> [Images for object localization]:
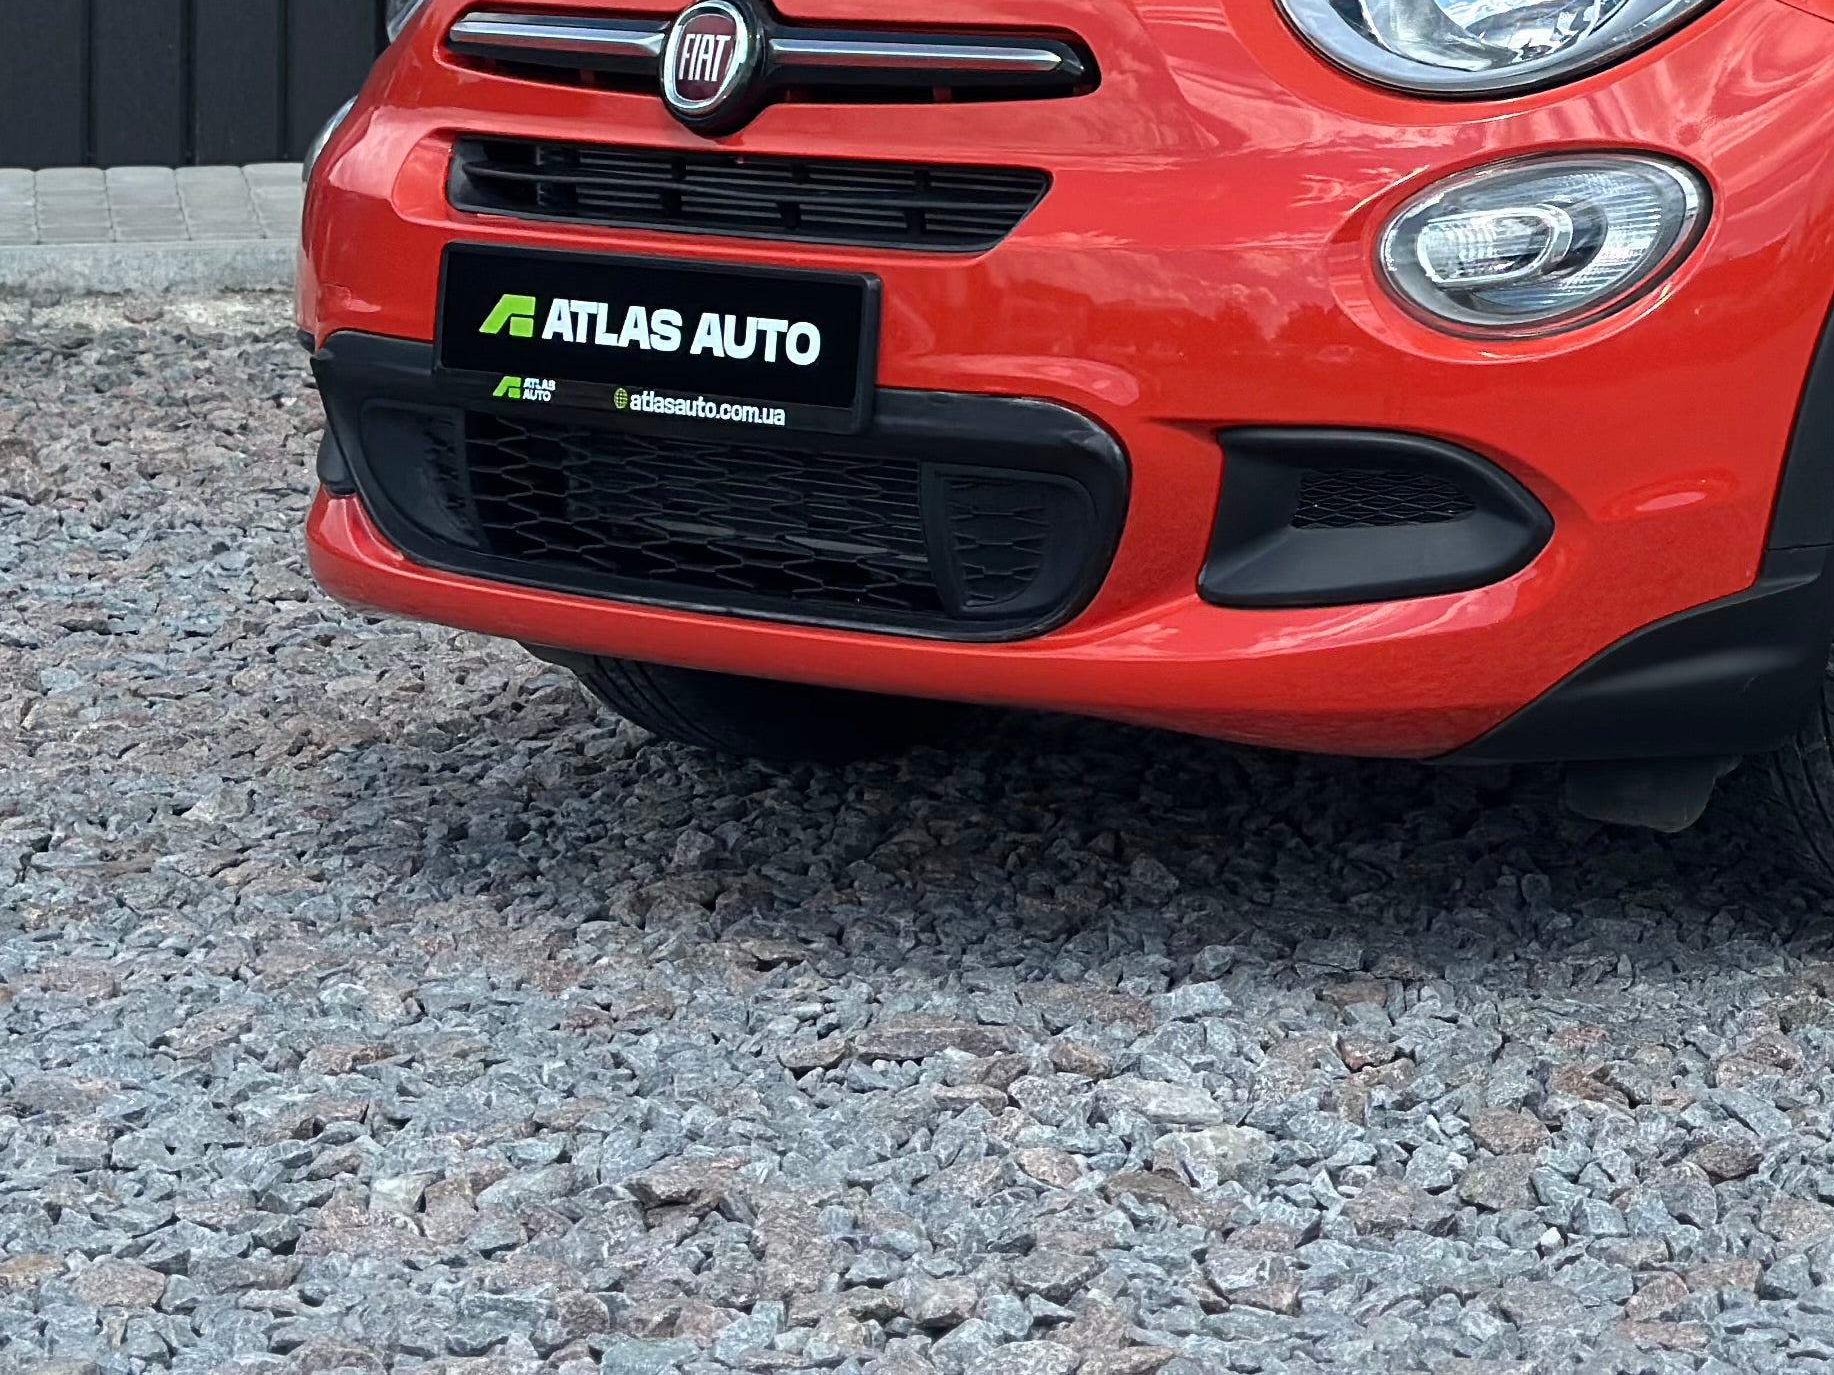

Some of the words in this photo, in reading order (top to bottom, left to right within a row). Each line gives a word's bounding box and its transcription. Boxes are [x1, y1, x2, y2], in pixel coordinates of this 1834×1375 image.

[678, 33, 732, 82] FIAT
[541, 298, 683, 352] ATLAS
[689, 312, 821, 366] AUTO
[522, 388, 552, 402] AUTO
[523, 377, 556, 392] ATLAS
[629, 390, 786, 426] atlasauto.com.ua
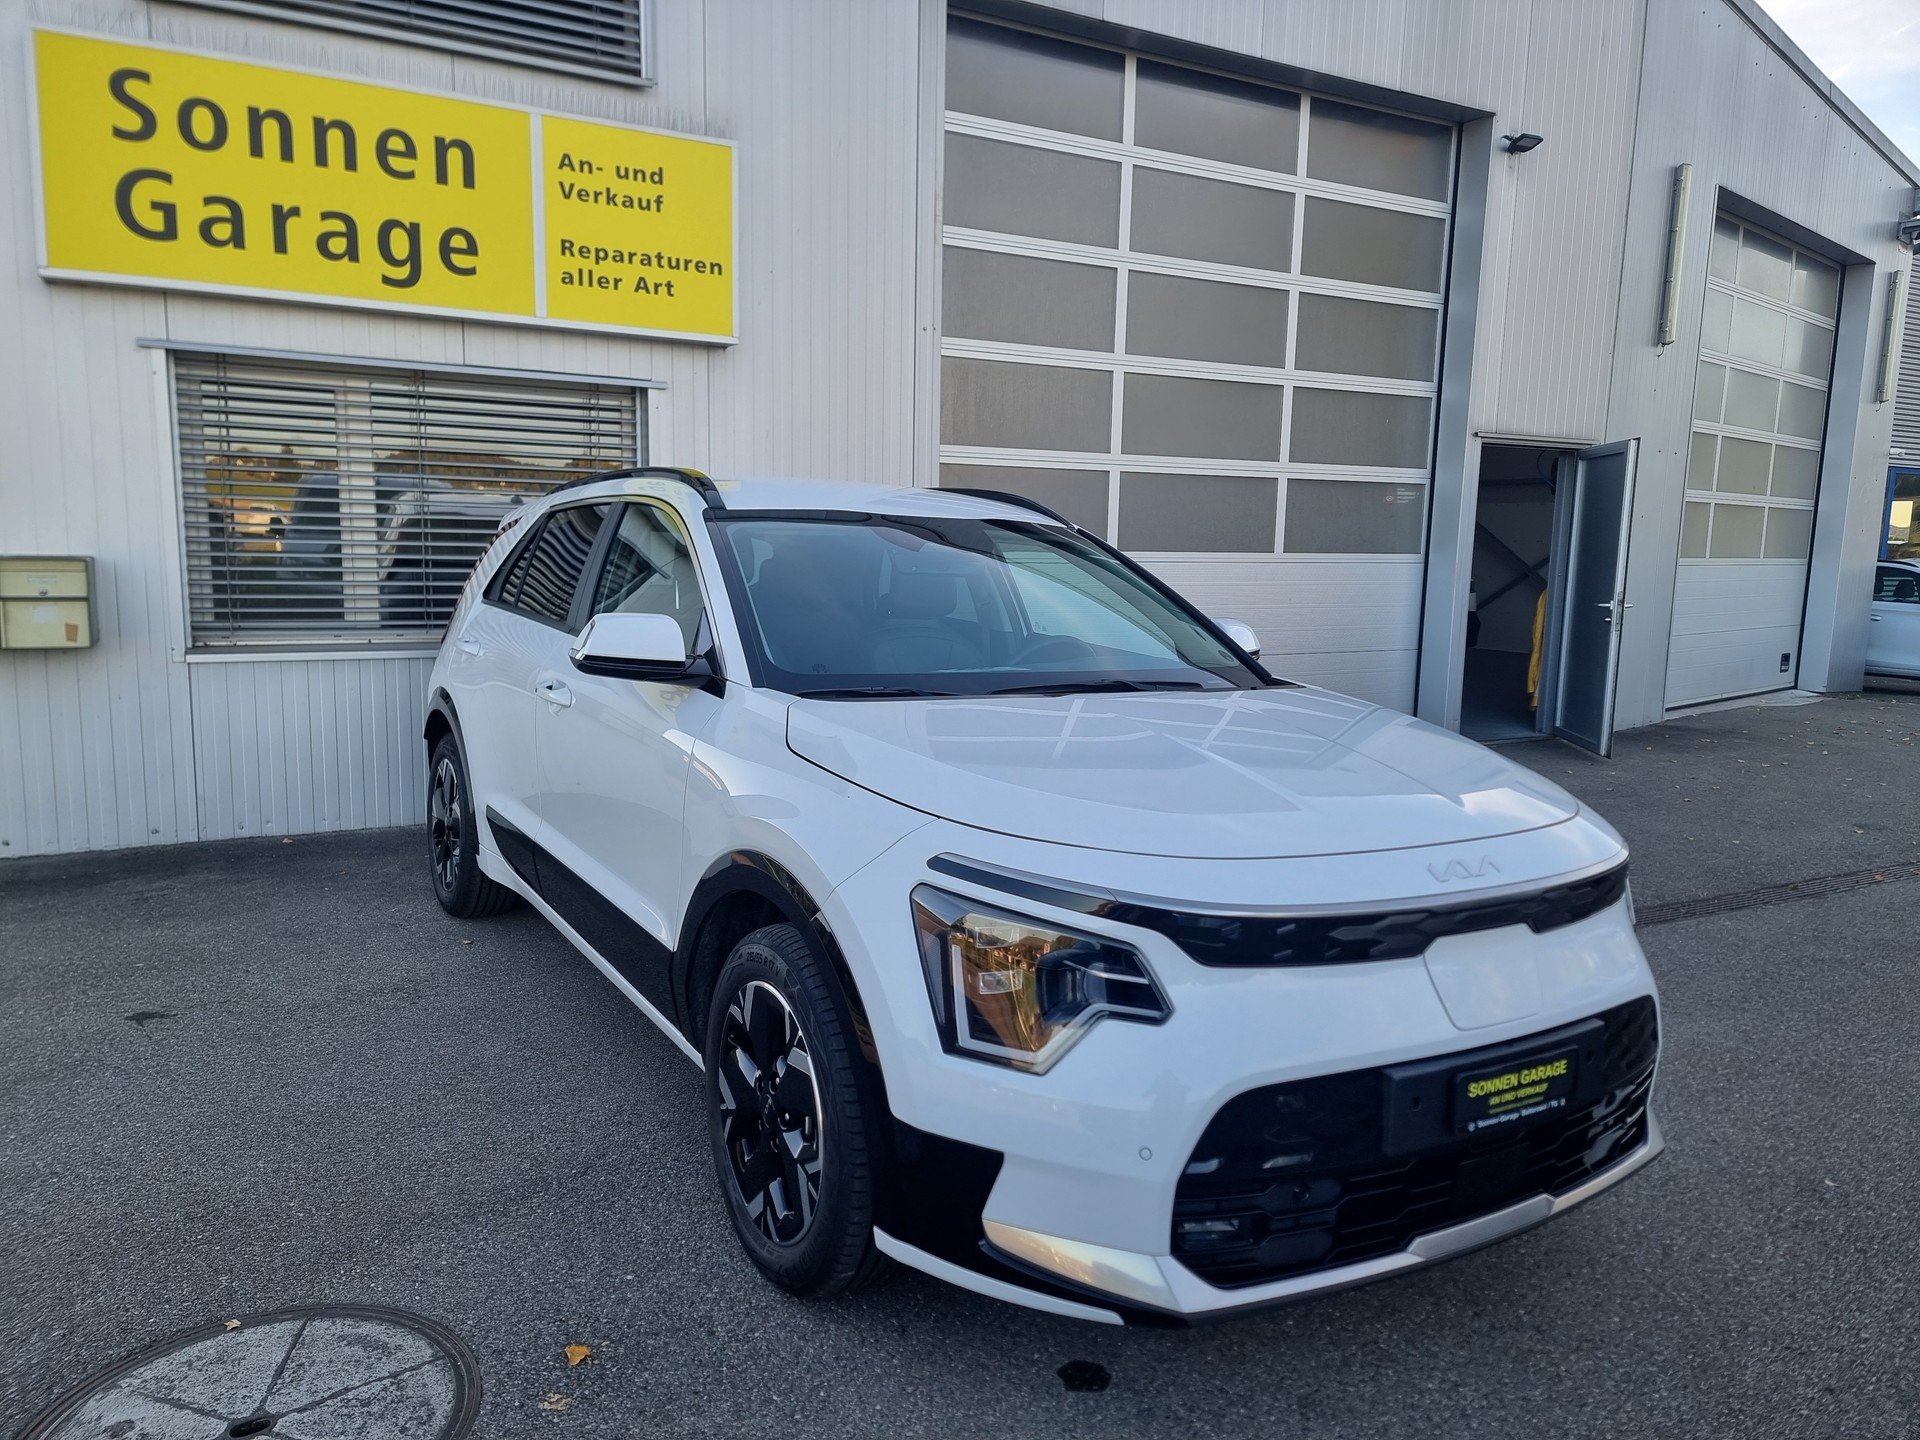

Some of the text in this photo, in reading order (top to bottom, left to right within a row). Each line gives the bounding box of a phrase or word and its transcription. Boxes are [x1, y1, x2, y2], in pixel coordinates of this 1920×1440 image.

[108, 67, 477, 190] Sonnen
[557, 152, 664, 186] An- und
[558, 180, 664, 214] Verkauf
[114, 168, 480, 290] Garage
[560, 238, 723, 276] Reparaturen
[560, 267, 675, 298] aller Art
[1467, 1059, 1568, 1098] SONNEN GARAGE
[1489, 1095, 1500, 1106] AN
[1501, 1091, 1517, 1103] UND
[1517, 1082, 1549, 1099] VERKAUF

> [EXERCISE PROMPT]:
Without including any pictures, repeat the records above exactly.

> [WORKED SOLUTION]:
Some of the words in this photo, in reading order (top to bottom, left to right within a row). Each line gives a word's bounding box and its transcription. Boxes are [x1, y1, x2, y2], in pixel coordinates of this 1834×1375 image.

[678, 33, 732, 82] FIAT
[541, 298, 683, 352] ATLAS
[689, 312, 821, 366] AUTO
[522, 388, 552, 402] AUTO
[523, 377, 556, 392] ATLAS
[629, 390, 786, 426] atlasauto.com.ua

Some of the text in this photo, in reading order (top to bottom, left to right within a row). Each line gives the bounding box of a phrase or word and its transcription. Boxes are [x1, y1, x2, y2], in pixel coordinates of this 1920×1440 image.

[108, 67, 477, 190] Sonnen
[557, 152, 664, 186] An- und
[558, 180, 664, 214] Verkauf
[114, 168, 480, 290] Garage
[560, 238, 723, 276] Reparaturen
[560, 267, 675, 298] aller Art
[1467, 1059, 1568, 1098] SONNEN GARAGE
[1489, 1095, 1500, 1106] AN
[1501, 1091, 1517, 1103] UND
[1517, 1082, 1549, 1099] VERKAUF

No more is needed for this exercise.